* **WHAT YOU NEED TO DO**: Pictures stay out; everything else in the listing below is to be restated word for word.

* **RECORDS SUPPLIED**:
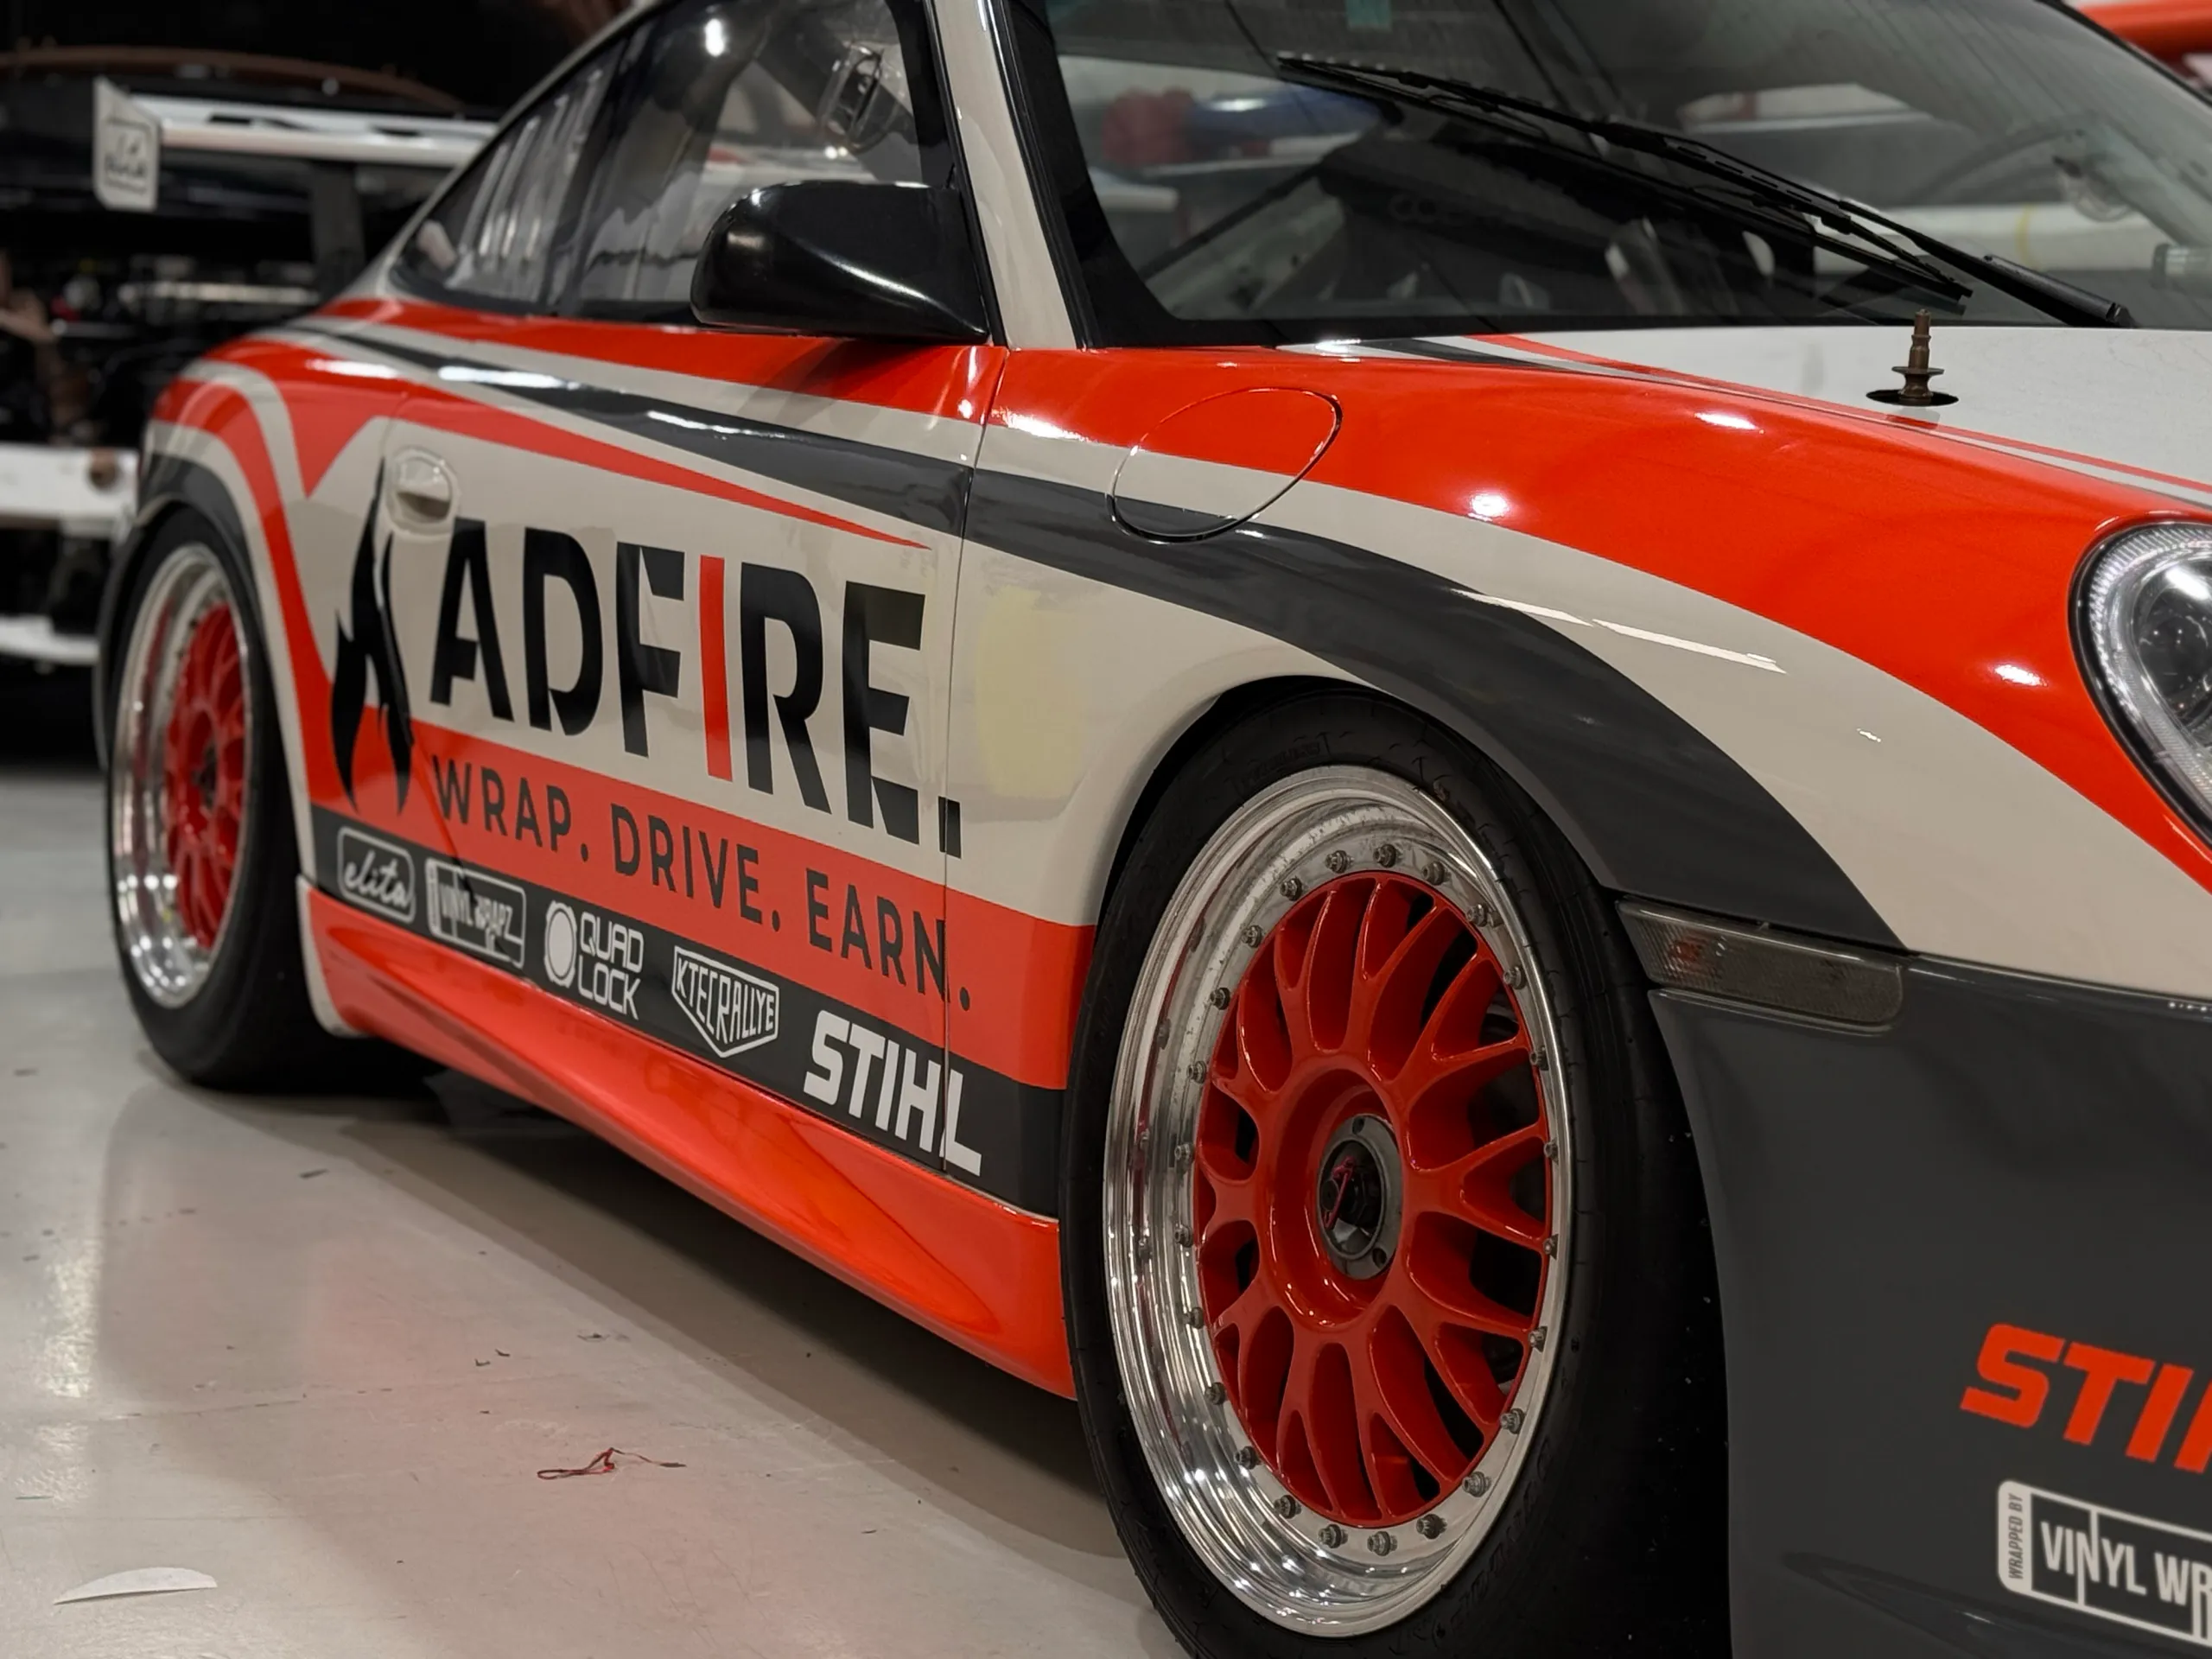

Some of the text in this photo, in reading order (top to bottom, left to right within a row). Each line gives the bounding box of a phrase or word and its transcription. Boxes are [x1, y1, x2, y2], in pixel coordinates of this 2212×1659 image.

[429, 517, 962, 859] ADFIRE.
[432, 754, 970, 1011] WRAP. DRIVE. EARN.
[579, 912, 644, 974] QUAD
[577, 964, 640, 1020] LOCK
[803, 1009, 982, 1177] STIHL
[2007, 1493, 2024, 1580] WRAPPED BY
[2040, 1516, 2146, 1600] VINYL

* **TASK SOLUTION**:
Some of the text in this photo, in reading order (top to bottom, left to right within a row). Each line gives the bounding box of a phrase or word and its transcription. Boxes are [x1, y1, x2, y2], in pixel coordinates of this 2212×1659 image.

[429, 517, 962, 859] ADFIRE.
[432, 754, 970, 1011] WRAP. DRIVE. EARN.
[579, 912, 644, 974] QUAD
[577, 964, 640, 1020] LOCK
[803, 1009, 982, 1177] STIHL
[2007, 1493, 2024, 1580] WRAPPED BY
[2040, 1516, 2146, 1600] VINYL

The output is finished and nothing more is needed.